Building a Compliance-Ready Culture

Compliance is not a one-off task — it is an ongoing organisational commitment. The most resilient sponsors are those who embed good practice into their day-to-day operations rather than treating compliance as a reactive exercise. The changes introduced by the Home Office serve as a timely reminder that the standards expected of sponsors continue to rise.

Regular Internal Reviews

Schedule quarterly internal compliance reviews covering all aspects of your sponsor duties. These should be led by your Authorising Officer and should include a check of all sponsored worker files, a review of recent SMS activity, and a payroll reconciliation exercise. Document the outcome of each review — this itself becomes evidence of good governance.

Training and Awareness

Ensure that all staff involved in HR, payroll, and line management understand their roles in the

compliance framework.

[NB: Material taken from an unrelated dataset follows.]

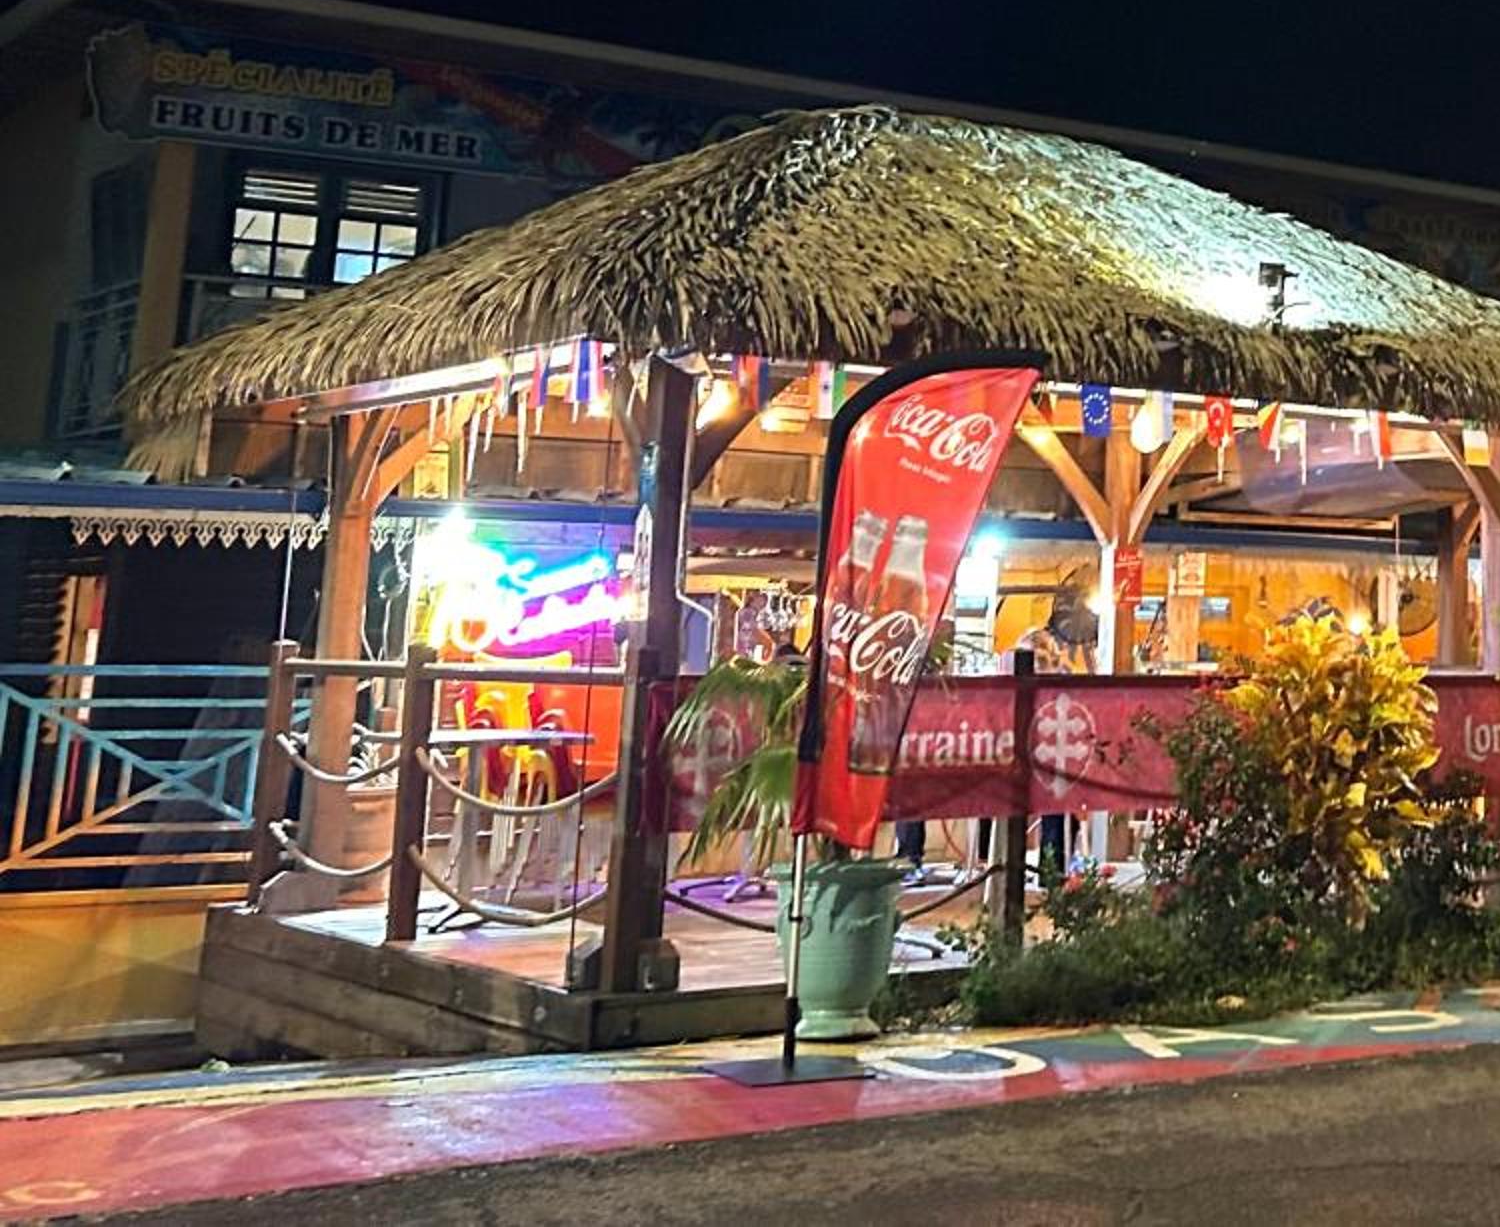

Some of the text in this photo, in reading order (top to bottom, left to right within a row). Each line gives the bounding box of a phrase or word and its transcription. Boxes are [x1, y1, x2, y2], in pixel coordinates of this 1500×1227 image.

[154, 98, 480, 160] FRUITS DE MER
[899, 720, 1015, 768] rraine

Training does not need to be lengthy — a focused briefing covering the key trigger points and escalation routes can significantly reduce the risk of inadvertent breaches. Record all training delivered and who attended.

Key Compliance Principles

  • Document everything — if it is not written down, it did not happen in the eyes of the Home Office.
  • Act early — report changes within the 10-day window, ideally sooner. Proactive reporting is always viewed more favourably than reactive disclosure.
  • Check monthly — treat the monthly payroll run as a compliance checkpoint, not just a finance process.
  • Seek advice — when uncertain, contact Borderless before taking action, not after.